In tema di politica, al Papa viene chiesto perché abbia voluto aggiungere la parola “genocidio” nel suo discorso al Palazzo presidenziale, durante il primo giorno di viaggio in Armenia. È “utile” per la pace? Il Pontefice ribatte spiegando che “in Argentina quando si parlava di sterminio armeno sempre si usava la parola genocidio… Io non conoscevo un’altra parola. Quando arrivo a Roma sento l’altra parola ‘Grande Male’ e mi dicono che genocidio è offensiva.
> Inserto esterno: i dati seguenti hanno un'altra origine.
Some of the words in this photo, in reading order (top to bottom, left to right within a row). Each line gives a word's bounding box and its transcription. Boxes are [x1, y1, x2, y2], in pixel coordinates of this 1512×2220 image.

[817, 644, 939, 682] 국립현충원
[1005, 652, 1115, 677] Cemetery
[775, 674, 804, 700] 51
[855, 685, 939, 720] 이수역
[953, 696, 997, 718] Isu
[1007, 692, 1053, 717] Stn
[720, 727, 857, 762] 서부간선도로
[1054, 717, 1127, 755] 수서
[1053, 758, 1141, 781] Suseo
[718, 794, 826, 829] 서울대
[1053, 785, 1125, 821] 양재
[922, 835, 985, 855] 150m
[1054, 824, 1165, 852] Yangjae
Io sempre ho parlato dei tre genocidi del secolo scorso: quello armeno, quello di Hitler e quello di Stalin”. Inoltre “dopo aver sentito il tono del discorso del presidente armeno, e per il mio uso della parola, sarebbe suonato molto strano non dire lo stesso che avevo detto l’anno scorso”.
Durante i genocidi, perché le potenze mondiali non hanno fatto qualcosa?
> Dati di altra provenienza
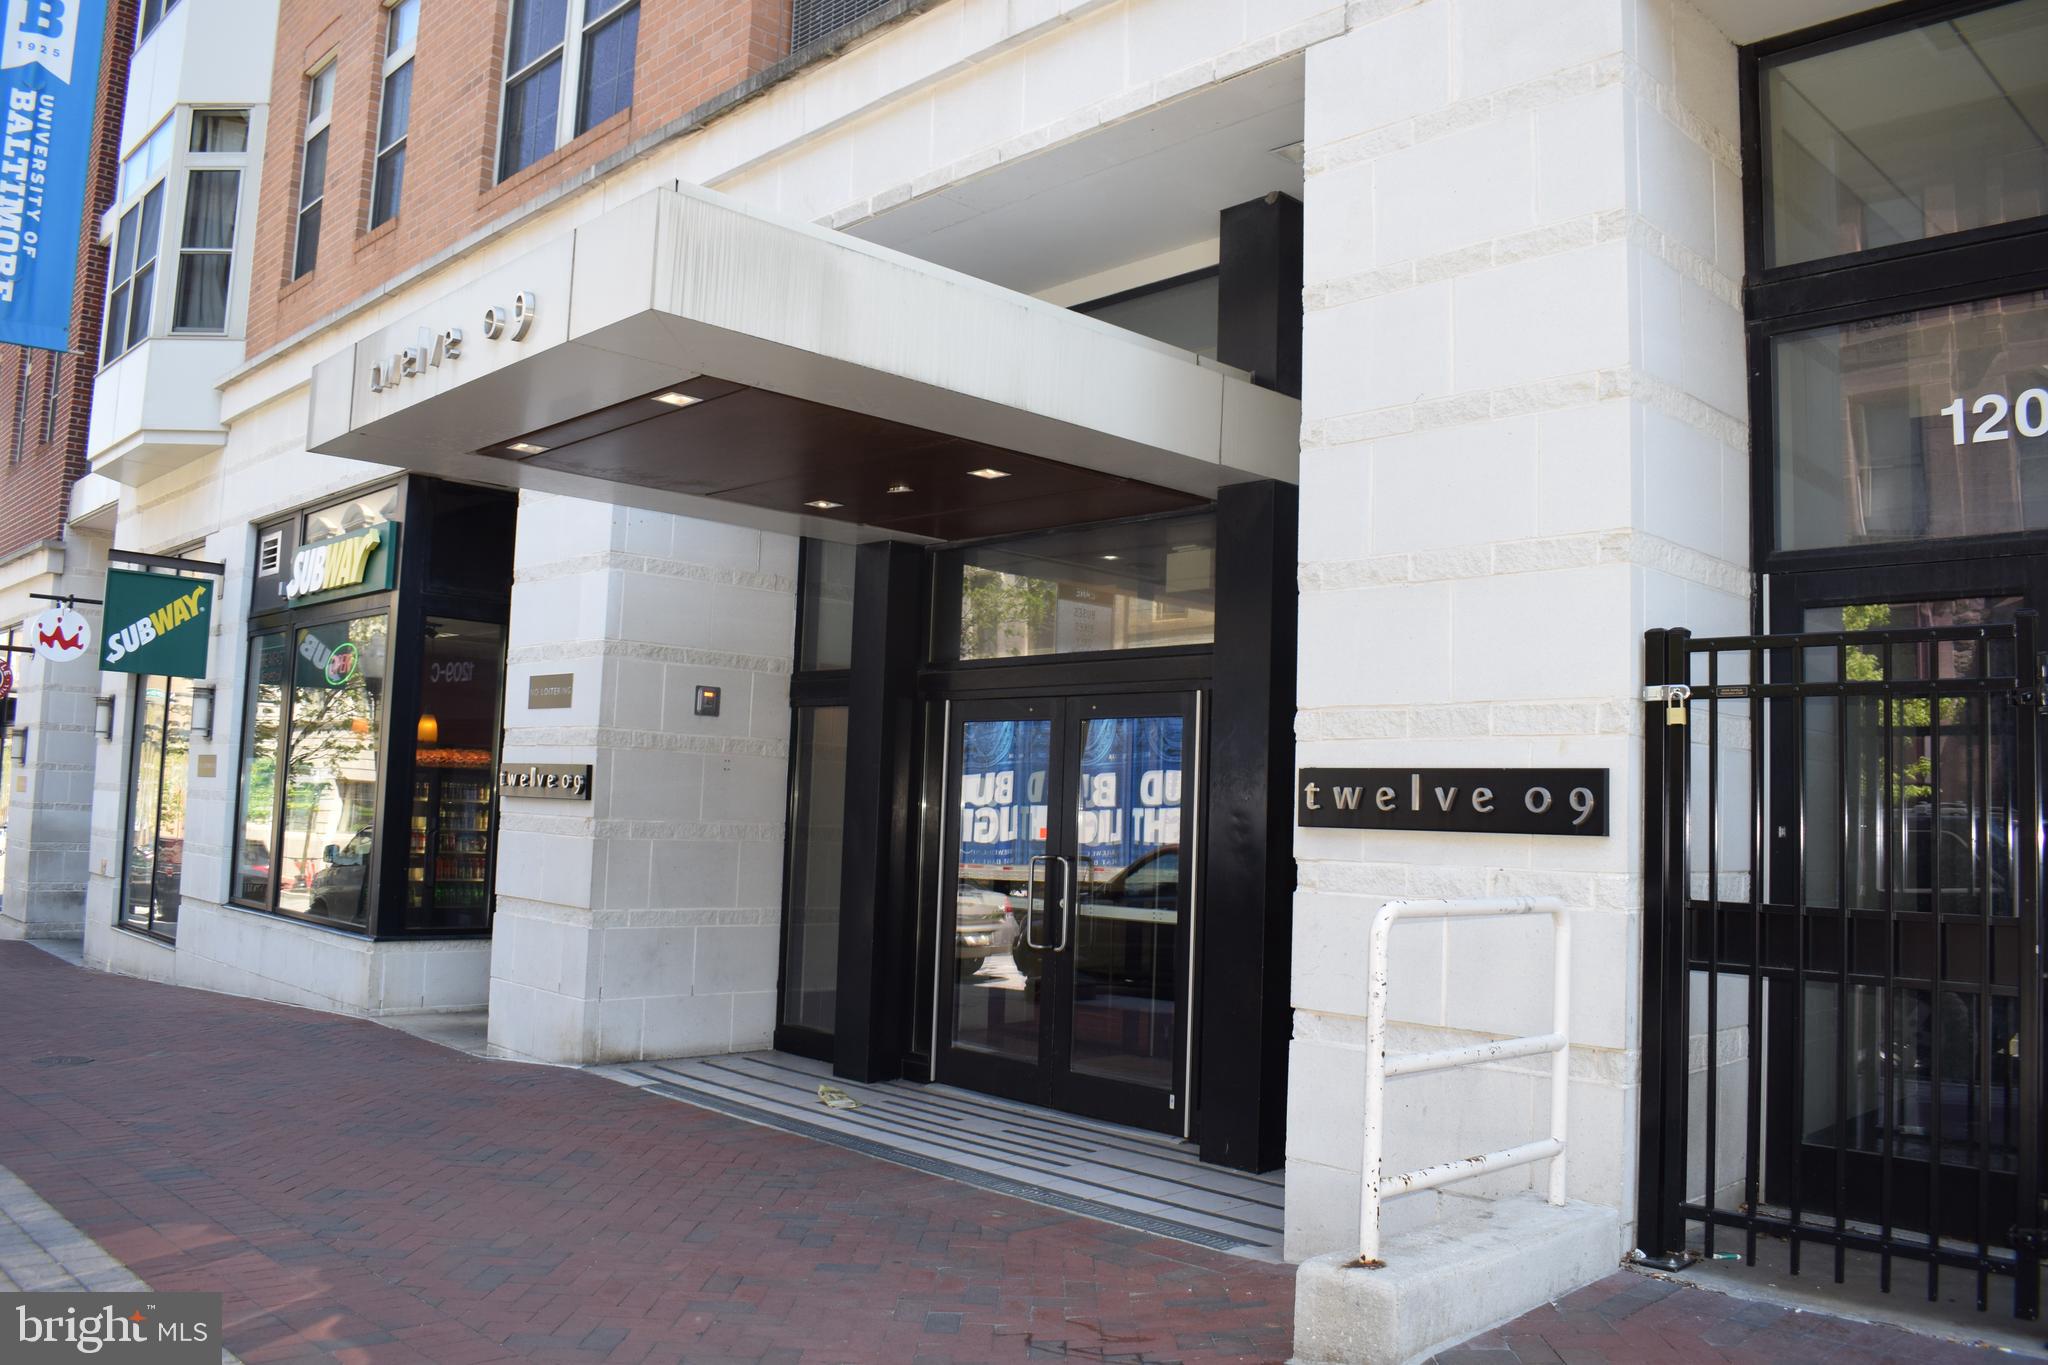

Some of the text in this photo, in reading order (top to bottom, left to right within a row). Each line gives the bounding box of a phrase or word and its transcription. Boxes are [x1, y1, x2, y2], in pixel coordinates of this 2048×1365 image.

[17, 41, 60, 57] 1925
[23, 94, 54, 258] UNIVERSITY OF
[1941, 388, 2048, 446] 120
[286, 528, 380, 600] SUBWAY
[106, 585, 206, 663] SUBWAY
[500, 767, 558, 788] twelve
[1304, 774, 1495, 813] twelve
Il problema che il Papa ha voluto sottolineare venerdì è, comunque, un altro, e cioè il fatto che “in questo genocidio, come negli altri due successivi, le grandi potenze internazionali guardavano da un’altra parte”. “Durante la Seconda Guerra mondiale, alcune potenze avevano la possibilità di bombardare le ferrovie che portavano ad Auschwitz, e non l’hanno fatto”, annota Francesco. “Nel contesto dei tre genocidi si deve fare questa domanda storica: perché non avete fatto qualcosa? Non so se è vero, ma si dice che Hitler quando perseguitava gli ebrei, avesse detto: ‘Chi si ricorda oggi degli armeni? Facciamo lo stesso con gli ebrei’. Ma la parola genocidio mai io l’ho detta con l’animo offensivo, ma oggettivamente”.
Ad Auschwitz voglio stare in silenzio e piangere
A proposito di Auschwitz, il Papa informa i giornalisti che vorrebbe svolgere la sua visita del prossimo luglio “in quel luogo di orrore” in silenzio, “senza discorsi, senza tante persone, soltanto le poche necessarie, senza salutare questo o quello… Da solo, entrare e pregare che il Signore mi dia la grazia di piangere”. 
In Azerbaigian, dirò che non fare pace per un pezzettino di terra è qualcosa di oscuro…
L’altra grazia che il Papa domanda è “la giustizia e la pace” per il popolo armeno: “un popolo coraggioso” che “ha portato croci di pietra, ma non ha perso la tenerezza, l’arte, la musica. Un popolo che ha sofferto tanto nella sua storia, soltanto la fede lo ha mantenuto in piedi”. Proiettandosi al futuro, Francesco guarda poi al viaggio in Azerbaigian e Giorgia che compierà a fine settembre: “In Azerbaigian – sottolinea, in riferimento alla dura situazione nel Nagorno Karabakh – dirò che non fare la pace per un pezzettino di terra significa qualcosa di oscuro. Ma lo dico a tutti, armeni e azeri. Forse non si mettono d’accordo sulle modalità di fare la pace e su questo bisognerà lavorare. Dirò quello che mi viene nel cuore, ma sempre in positivo, cercando soluzioni che siano percorribili”.
500° Riforma: “Le intenzioni di Lutero non erano sbagliate”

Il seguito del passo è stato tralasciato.